▶ **Exercise aim**
An exact copy of every entry is needed, without any of the pictures.

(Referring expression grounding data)
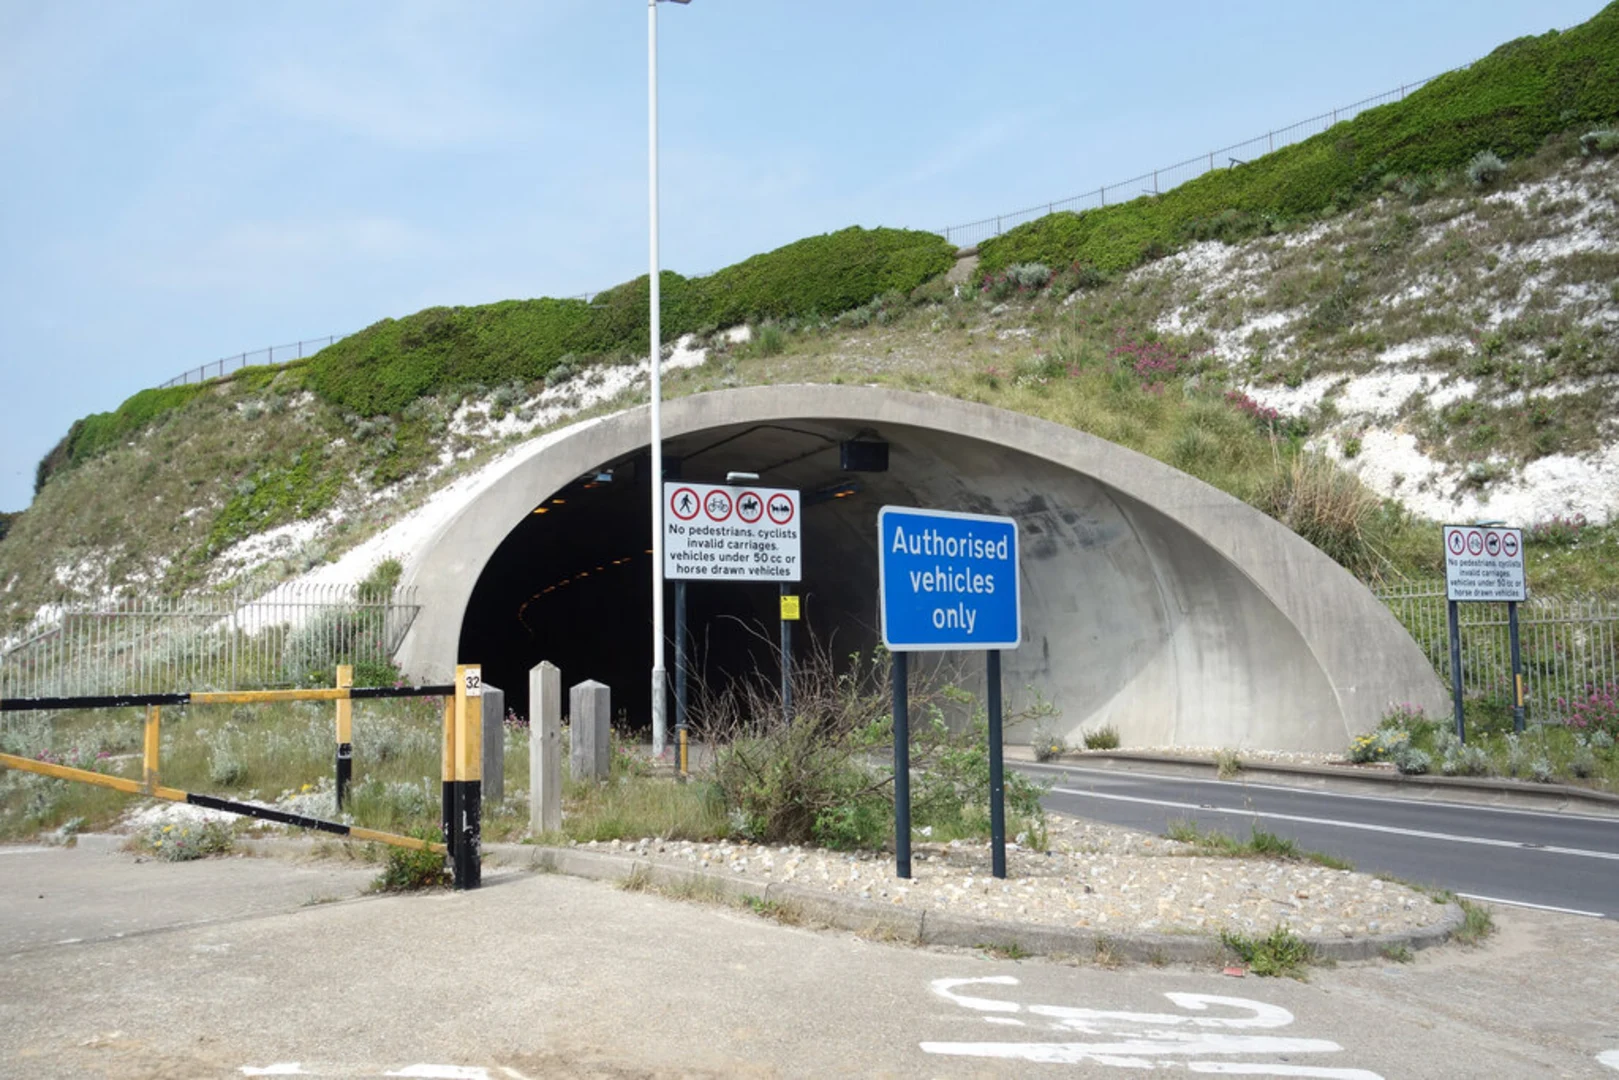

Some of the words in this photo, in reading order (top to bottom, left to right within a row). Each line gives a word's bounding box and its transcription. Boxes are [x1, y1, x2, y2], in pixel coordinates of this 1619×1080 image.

[668, 523, 685, 535] No
[758, 527, 797, 540] cyclists
[687, 537, 724, 549] invalid
[892, 526, 1008, 560] Authorised
[669, 551, 715, 562] vehicles
[719, 552, 750, 563] under
[754, 552, 768, 563] 50
[770, 555, 782, 563] cc
[785, 555, 796, 564] or
[676, 564, 708, 575] horse
[711, 565, 745, 575] drawn
[748, 566, 791, 576] vehicles
[909, 565, 995, 594] vehicles
[932, 602, 977, 635] only
[466, 676, 480, 690] 32

▶ **Answer below**
Some of the words in this photo, in reading order (top to bottom, left to right within a row). Each line gives a word's bounding box and its transcription. Boxes are [x1, y1, x2, y2], in pixel coordinates of this 1619×1080 image.

[668, 523, 685, 535] No
[758, 527, 797, 540] cyclists
[687, 537, 724, 549] invalid
[892, 526, 1008, 560] Authorised
[669, 551, 715, 562] vehicles
[719, 552, 750, 563] under
[754, 552, 768, 563] 50
[770, 555, 782, 563] cc
[785, 555, 796, 564] or
[676, 564, 708, 575] horse
[711, 565, 745, 575] drawn
[748, 566, 791, 576] vehicles
[909, 565, 995, 594] vehicles
[932, 602, 977, 635] only
[466, 676, 480, 690] 32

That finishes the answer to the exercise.